Abstract
Purpose
To evaluate the 1-year efficacy of half-fluence photodynamic therapy (HFPDT) combined with intravitreal aflibercept injection on treatment-naïve pachychoroid neovasculopathy (PNV) without polypoidal lesions.
Study design
Retrospective, interventional case series
Patients and methods
We retrospectively studied 21 eyes with treatment-naïve PNV and assessed the best-corrected visual acuity (BCVA), central macular thickness (CMT), central choroidal thickness (CCT), pachyvessel vertical diameter, and choroidal neovascularization thickness (CNVT) at the fovea over a 12-month period.
Results
The median BCVA was 0.15 at baseline, 0.00 (P < .05) at 3 months, 0.05 at 6 months, and -0.08 (P < .05) at 12 months. The BCVA was significantly improved at 3 months and 12 months as compared with the baseline BCVA. The median CMT was 230 μm at baseline, 140 μm (P < .01) at 3 months, 150 μm (P < .01) at 6 months, and 150 μm (P < .01) at 12 months. The median CCT was 386 μm at baseline, 347 μm (P < .01) at 3 months, 331 μm (P < .01) at 6 months, and 352 μm (P < .01) at 12 months. The median pachyvessel vertical diameter was 309 μm at baseline, 246 μm (P < .01) at 3 months, 232 μm (P < .01) at 6 months, and 242 μm (P < .01) at 12 months.
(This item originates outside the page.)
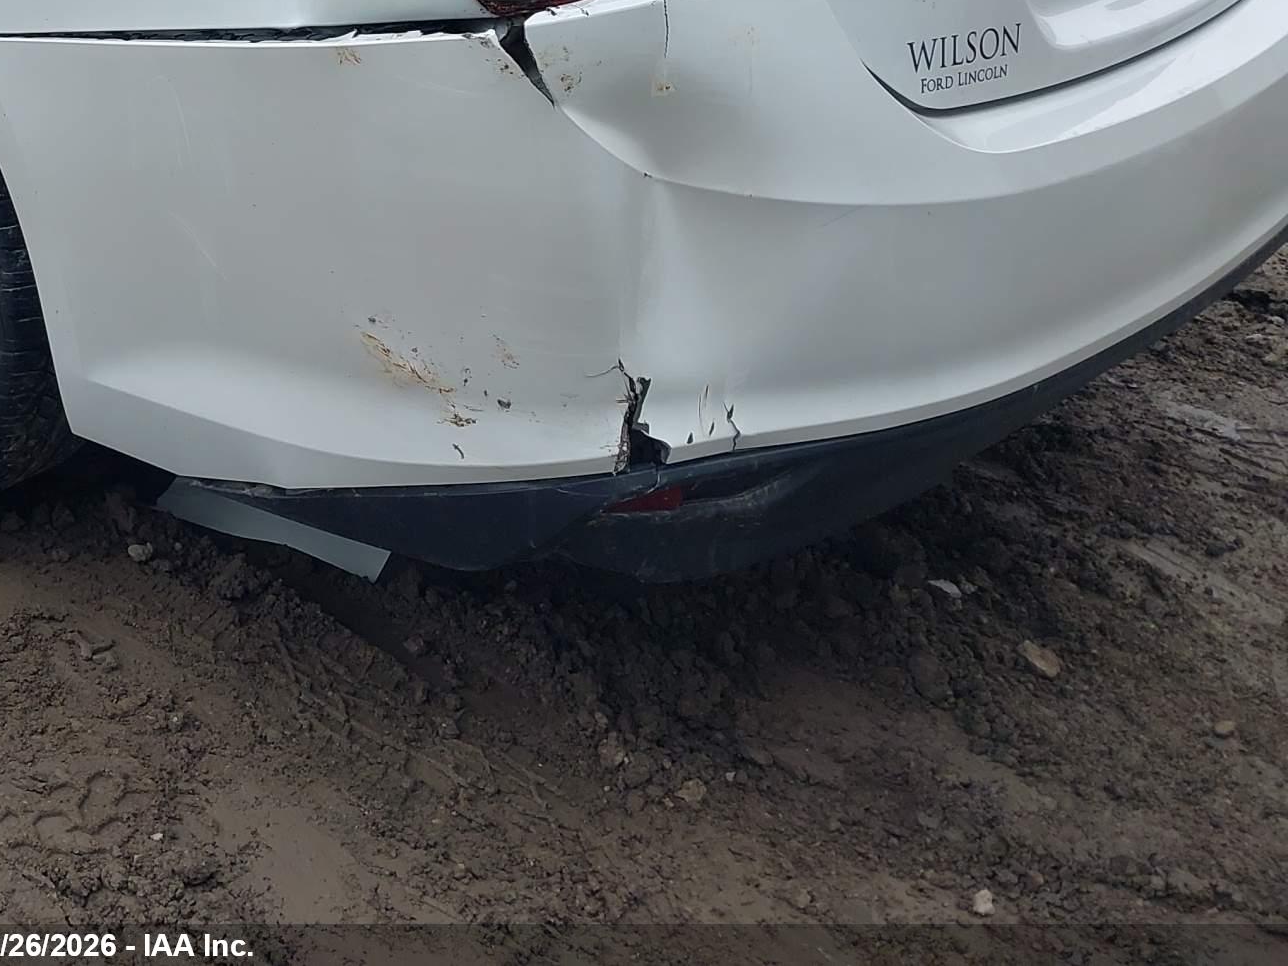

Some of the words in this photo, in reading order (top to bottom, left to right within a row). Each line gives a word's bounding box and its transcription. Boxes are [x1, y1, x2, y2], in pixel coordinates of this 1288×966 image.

The median CNVT was 28 μm at baseline, 17 μm (P < .01) at 3 months, 19 μm (P < .05) at 6 months, and 21 μm (P < .05) at 12 months. The CMT, CCT, pachyvessel vertical diameter, and CNVT were significantly decreased at 3, 6, and 12 months as compared with those at baseline. Whilst 17 eyes (81.0%) showed no signs of CNV recurrence during the 12-month period, 4 eyes (19.0%) required additional combination therapy.
Conclusions
HFPDT combined with intravitreal aflibercept injection may effectively improve BCVA and ameliorate exudative changes in eyes with PNV without polypoidal lesions for up to 1 year.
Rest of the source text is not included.